Sir Kenelm, when imprisoned in Winchester House, in Southwark, wrote an attack on Sir Thomas Browne’s sceptical work Religio Medici. He also produced a book on cookery, and a commentary on the Faerie Queen. This strange being was buried in Christ Church, Newgate Street.
St. Martin’s-in-the-Fields is an ancient parish, but it was first made independent of St. Margaret’s, Westminster, in 1535, by that tyrant Henry VIII., who, justly afraid of death, disliked the ceaseless black funeral processions of the outlying people of St. Martin’s passing the courtly gate of Whitehall, and who therefore erected a church near Charing[Pg 243] Cross, and constituted its neighbourhood into a parish.
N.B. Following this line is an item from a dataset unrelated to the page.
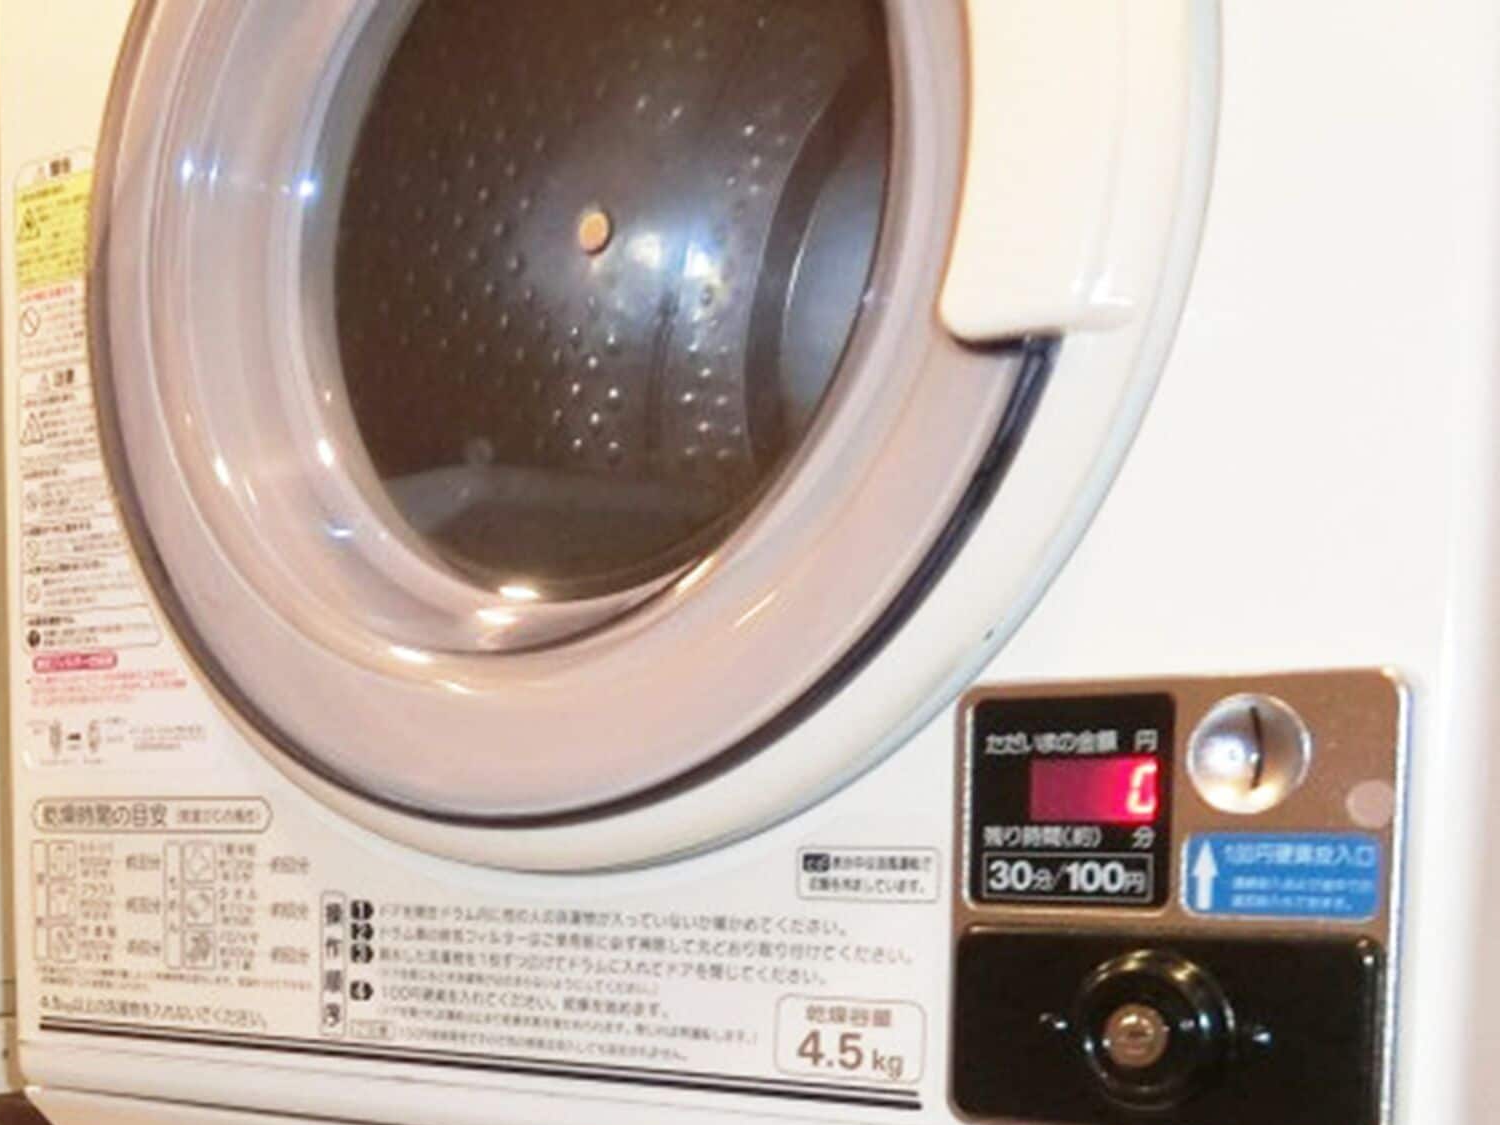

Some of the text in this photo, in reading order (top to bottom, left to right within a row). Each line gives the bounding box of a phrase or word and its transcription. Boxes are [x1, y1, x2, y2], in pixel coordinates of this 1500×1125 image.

In 1607, that unfortunate youth of promise, Henry Prince of Wales, added a chancel to the very small church, which soon proved insufficient for the growing and populous suburb. But though so modern, this parish formerly included in its vast circle St. Paul’s Covent Garden, St. James’s Piccadilly, St. Anne’s Soho, and St. George’s Hanover Square. It extended its princely circle as far north as Marylebone, as far south as Whitehall, as far east as the Savoy, and as far west as Chelsea and Kensington. When first rated to the poor in Queen Elizabeth’s time it contained less than a hundred rateable persons. The chief inhabitants lived by the river side or close to the church. Pall Mall and Piccadilly were then unnamed, and beyond the church westward were St. James’s Fields, Hay-hill Farm, Ebury Farm, and the Neat houses about Chelsea.
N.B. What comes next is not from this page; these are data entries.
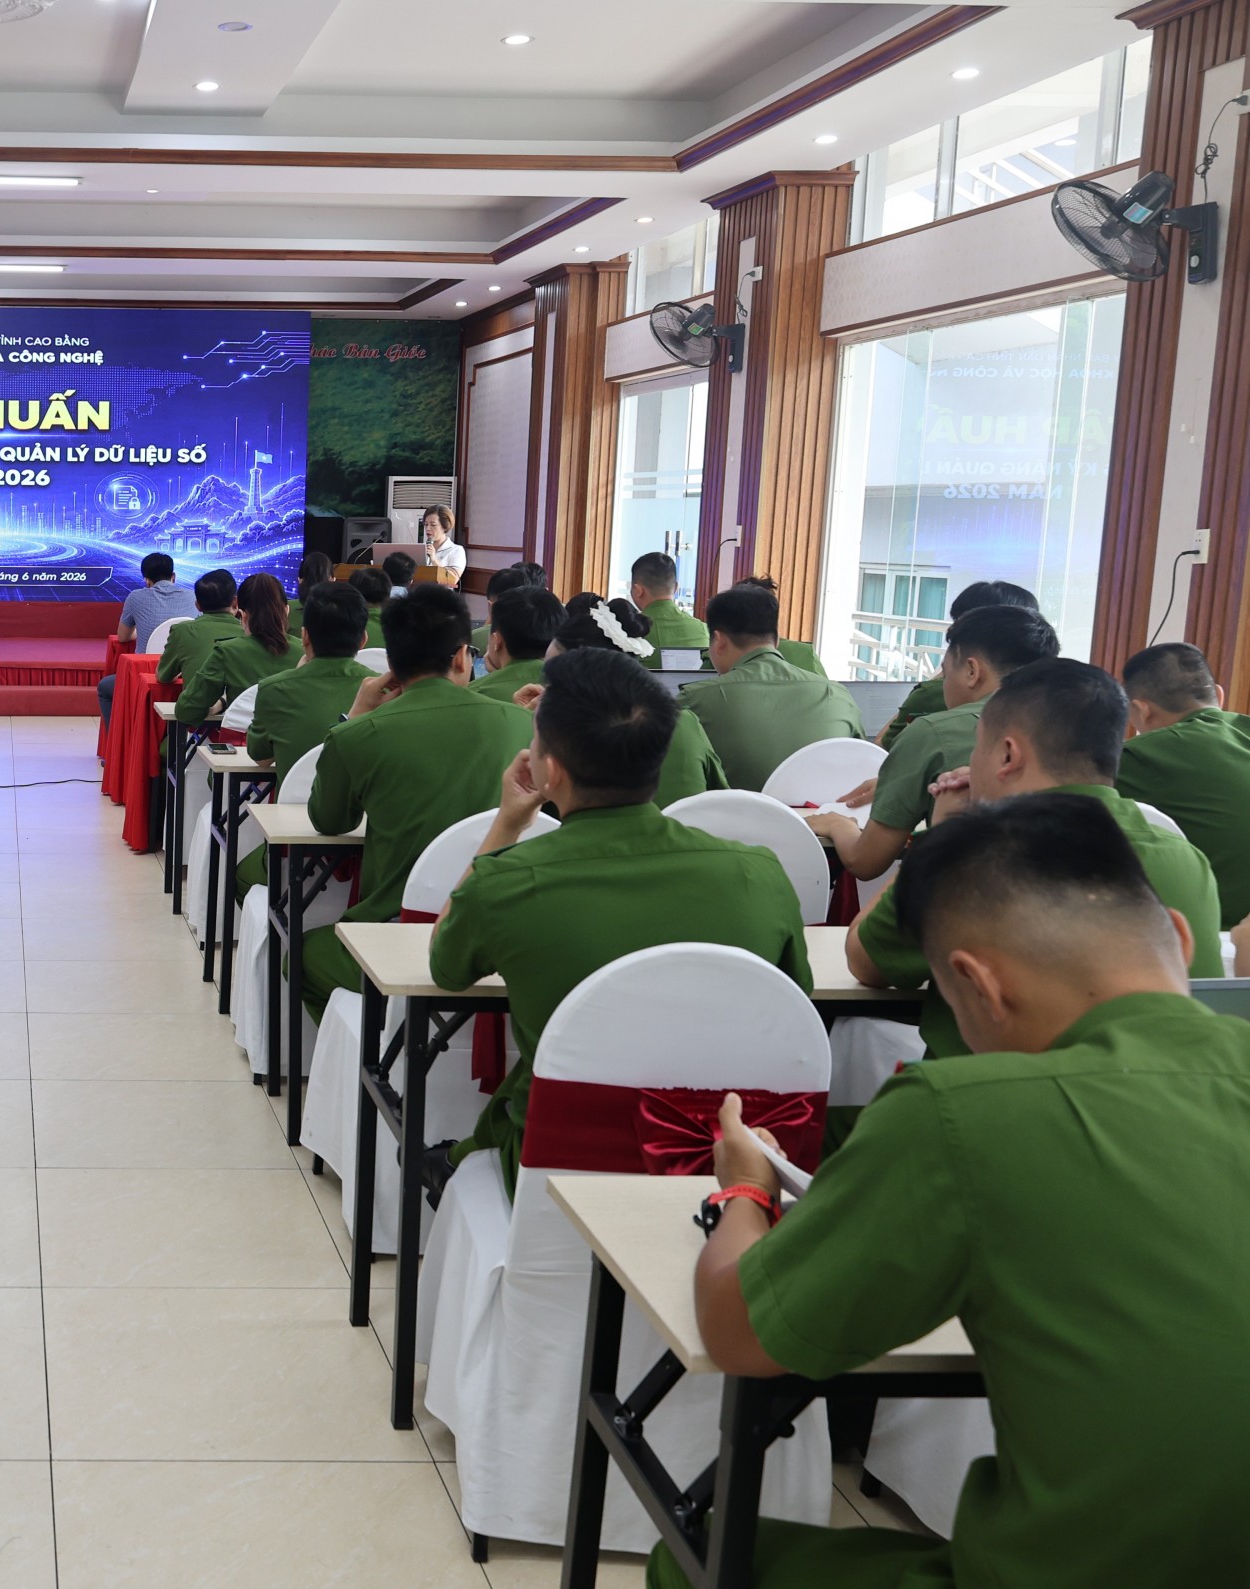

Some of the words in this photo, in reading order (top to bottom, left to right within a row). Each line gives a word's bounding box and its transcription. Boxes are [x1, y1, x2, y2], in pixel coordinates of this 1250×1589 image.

[25, 336, 51, 346] CAO
[55, 333, 90, 347] BẰNG
[8, 349, 56, 363] CÔNG
[60, 350, 104, 366] NGHỆ
[342, 343, 380, 359] Bản
[384, 343, 427, 362] Giốc
[0, 443, 61, 462] QUẢN
[67, 444, 90, 462] LÝ
[94, 444, 125, 462] DỮ
[129, 447, 172, 466] LIỆU
[177, 443, 207, 463] SỐ
[22, 572, 29, 581] 6
[32, 571, 57, 581] năm
[60, 572, 87, 581] 2026
In 1638 this overgrown parish, had carved out of it the district of St. Paul’s, Covent Garden; in 1684, St. James’s, Westminster; and in 1686, St. Anne’s, Soho. But even in 1680, Richard Baxter, with brave fervour, denounced what he called “the greatest cure in England,” with its population of forty thousand more persons than the church could hold—people who “lived like Americans, without hearing a sermon for many years.” From such parishes of course crept forth Dissenters of all creeds and colours. In 1826 the churchyard was removed to Camden Town, and the street widened, pursuant to 7 George IV. c. 77.
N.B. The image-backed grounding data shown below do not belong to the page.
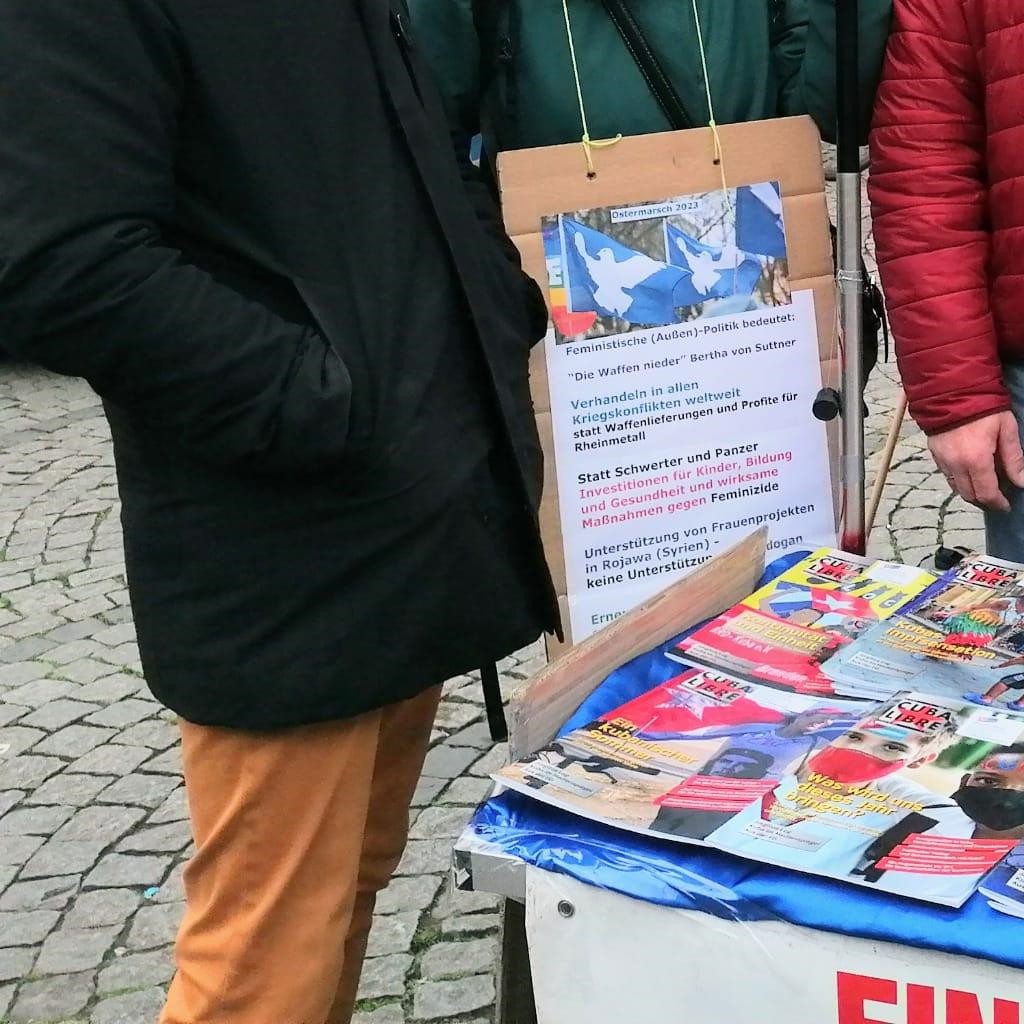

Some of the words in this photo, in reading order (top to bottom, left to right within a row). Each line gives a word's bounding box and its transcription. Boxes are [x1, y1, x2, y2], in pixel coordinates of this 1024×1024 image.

[611, 204, 673, 220] Ostermarsch
[676, 201, 699, 213] 2023
[566, 335, 648, 356] Feministische
[650, 321, 740, 346] (Außen)-Politik
[742, 312, 796, 329] bedeutet:
[598, 361, 641, 377] Waffen
[690, 348, 729, 363] Bertha
[732, 345, 752, 356] von
[755, 338, 797, 354] Suttner
[570, 387, 648, 411] Verhandeln
[651, 384, 664, 397] in
[667, 380, 700, 394] allen
[572, 398, 682, 426] Kriegskonflikten
[685, 387, 741, 406] weltweit
[573, 426, 602, 439] statt
[605, 406, 714, 433] Waffenlieferungen
[716, 400, 739, 414] und
[741, 393, 780, 410] Profite
[782, 391, 799, 404] für
[574, 432, 647, 452] Rheinmetall
[577, 468, 611, 484] Statt
[615, 455, 683, 478] Schwerter
[687, 450, 711, 464] und
[715, 442, 759, 460] Panzer
[579, 472, 670, 499] Investitionen
[672, 468, 692, 482] für
[695, 459, 743, 479] Kinder,
[745, 449, 793, 470] Bildung
[580, 499, 607, 515] und
[610, 484, 686, 509] Gesundheit
[689, 478, 714, 494] und
[717, 467, 779, 488] wirksame
[582, 505, 664, 529] Maßnahmen
[667, 495, 707, 516] gegen
[710, 481, 780, 503] Feminizide
[584, 532, 680, 560] Unterstützung
[683, 523, 708, 538] von
[711, 503, 815, 533] Frauenprojekten
[585, 561, 599, 575] in
[602, 550, 652, 573] Rojawa
[656, 538, 710, 562] (Syrien)
[586, 574, 624, 589] keine
[766, 534, 804, 553] dogan
[820, 557, 865, 574] CUBA
[971, 560, 1018, 580] CUBA
[961, 569, 1012, 587] LIBRE
[591, 610, 625, 625] Erne
[763, 629, 818, 650] Einheit
[885, 628, 997, 660] Impfsensation
[687, 678, 740, 701] LIBRE
[702, 671, 752, 693] CUBA
[612, 716, 639, 732] Ein
[884, 710, 942, 731] LIBRE
[897, 700, 951, 722] CUBA
[588, 730, 653, 761] Sommer
[784, 788, 867, 818] bringen?
[796, 782, 855, 805] dieses
[860, 801, 898, 816] Jahr
[807, 772, 844, 791] Was
[847, 784, 890, 802] wird
[891, 797, 925, 812] uns
That shrewd native of Aberdeen, Gibbs—a not unworthy successor of Wren—came to London at a fortunate time. Wren was fast dying; Vanbrugh was neglected; there was room for a new architect, and no fear of competition. His first church, St. Martin’s, was a great success. Though its steeple was heavy and misplaced, and the exterior flat and without light or shade, the portico was foolishly compared[Pg 244] to that of the Parthenon, and was considered unique for dignity and unity of combination. The interior was so constructed as to render the introduction of further ornaments or of monuments impossible. Savage did but express the general opinion when he wrote with fine pathos—
“O Gibbs! whose art the solemn fanes can raise,
Where God delights to dwell and man to praise.”
The church was commenced in 1721 and finished in 1726, at a cost of £36,891: 10: 4, including £1500 for an organ.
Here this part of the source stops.